__TASK DIRECTIONS__. Exact copies of the lines below are the goal; any images in them are dropped.

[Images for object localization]
[Start of section]
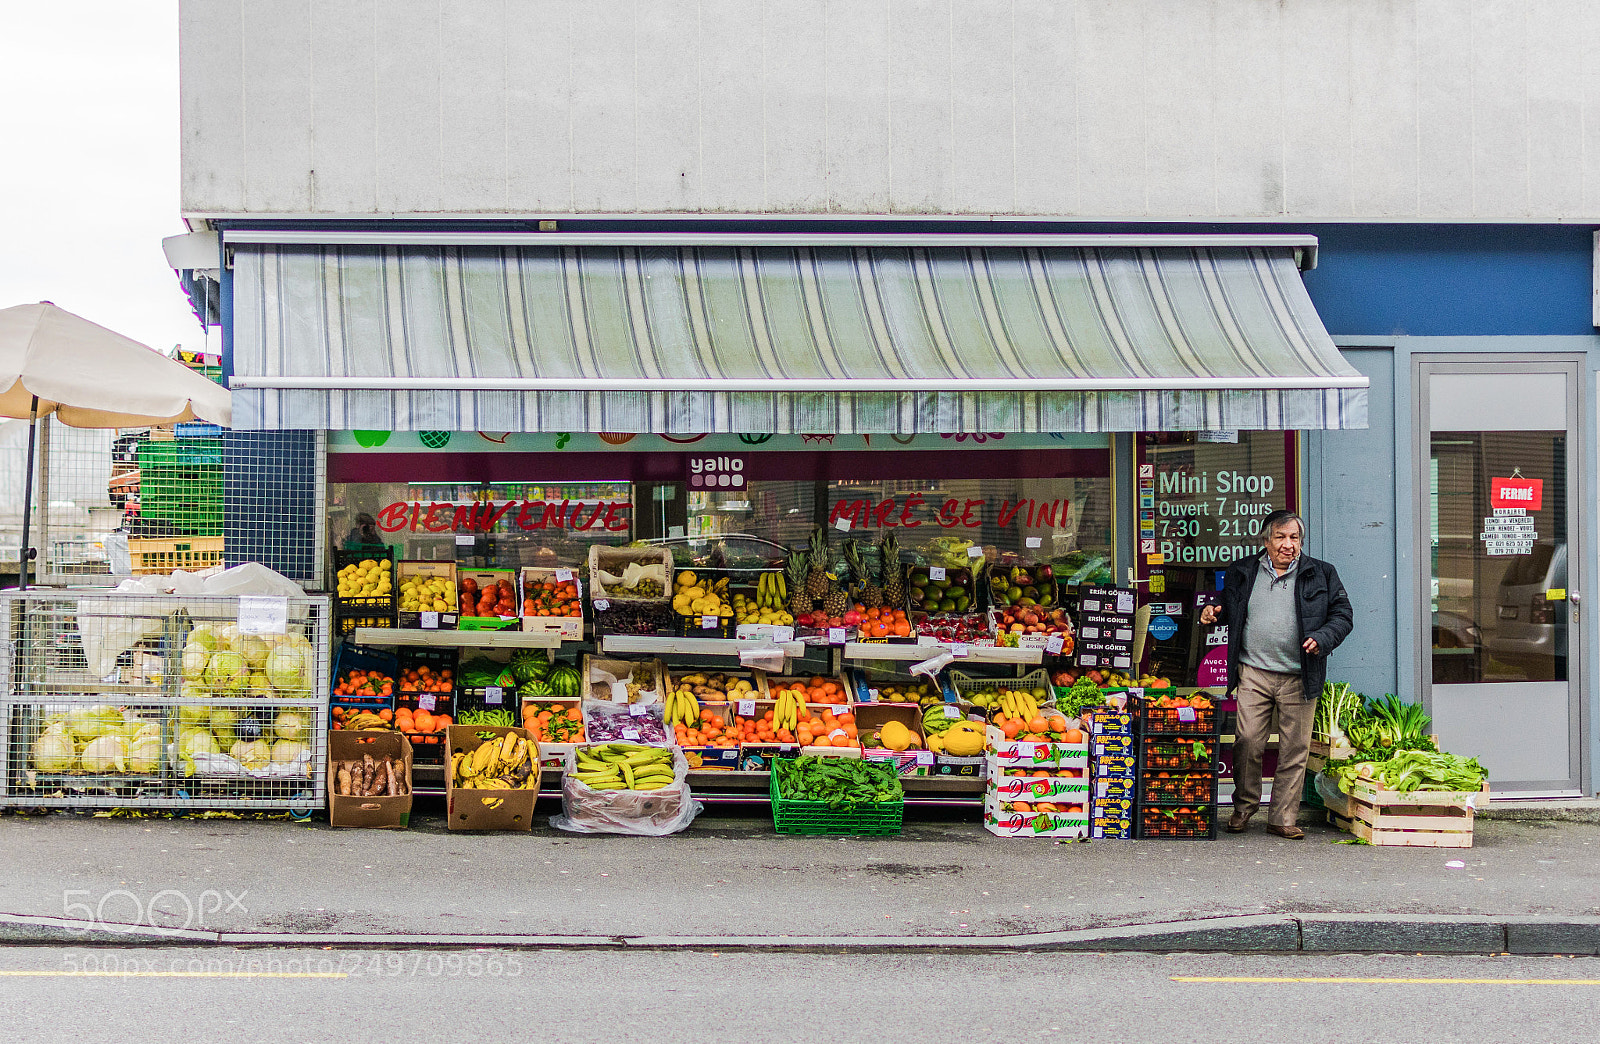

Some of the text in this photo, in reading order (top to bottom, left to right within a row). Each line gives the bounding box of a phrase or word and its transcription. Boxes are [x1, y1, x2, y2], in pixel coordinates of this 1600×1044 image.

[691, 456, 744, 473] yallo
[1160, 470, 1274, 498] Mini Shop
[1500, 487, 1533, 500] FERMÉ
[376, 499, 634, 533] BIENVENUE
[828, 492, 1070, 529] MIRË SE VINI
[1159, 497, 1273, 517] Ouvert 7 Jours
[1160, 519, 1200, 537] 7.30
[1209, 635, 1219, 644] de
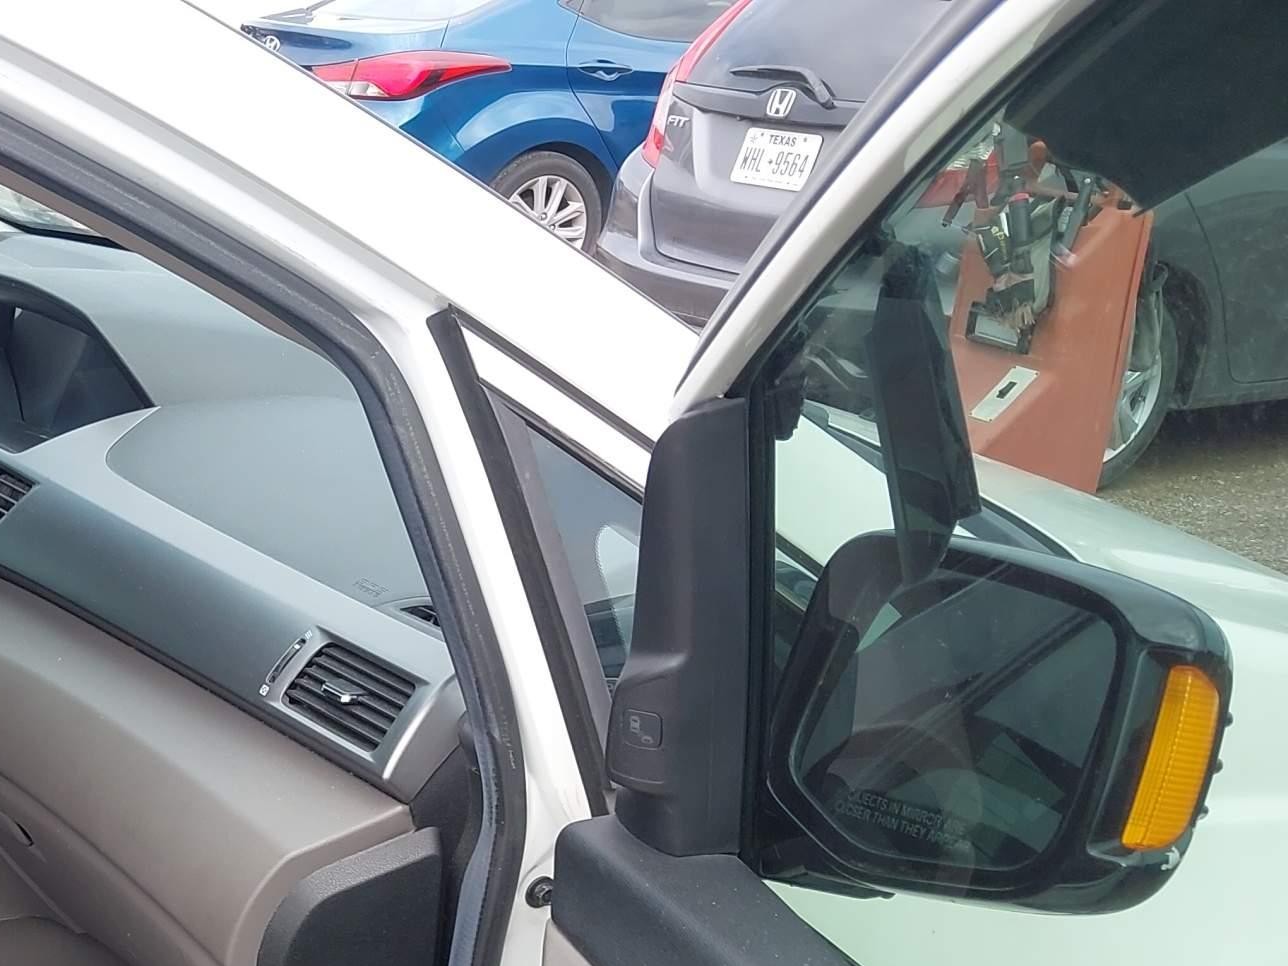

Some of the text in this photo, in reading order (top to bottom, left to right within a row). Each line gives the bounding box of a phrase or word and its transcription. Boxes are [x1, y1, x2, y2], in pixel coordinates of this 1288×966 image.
[End of section]
__WRITTEN RESPONSE__.
Some of the text in this photo, in reading order (top to bottom, left to right within a row). Each line gives the bounding box of a phrase or word and its transcription. Boxes are [x1, y1, x2, y2], in pixel coordinates of this 1600×1044 image.

[691, 456, 744, 473] yallo
[1160, 470, 1274, 498] Mini Shop
[1500, 487, 1533, 500] FERMÉ
[376, 499, 634, 533] BIENVENUE
[828, 492, 1070, 529] MIRË SE VINI
[1159, 497, 1273, 517] Ouvert 7 Jours
[1160, 519, 1200, 537] 7.30
[1209, 635, 1219, 644] de

Some of the text in this photo, in reading order (top to bottom, left to right within a row). Each line gives the bounding box of a phrase or word and its transcription. Boxes are [x1, y1, x2, y2], in pixel coordinates of this 1288×966 image.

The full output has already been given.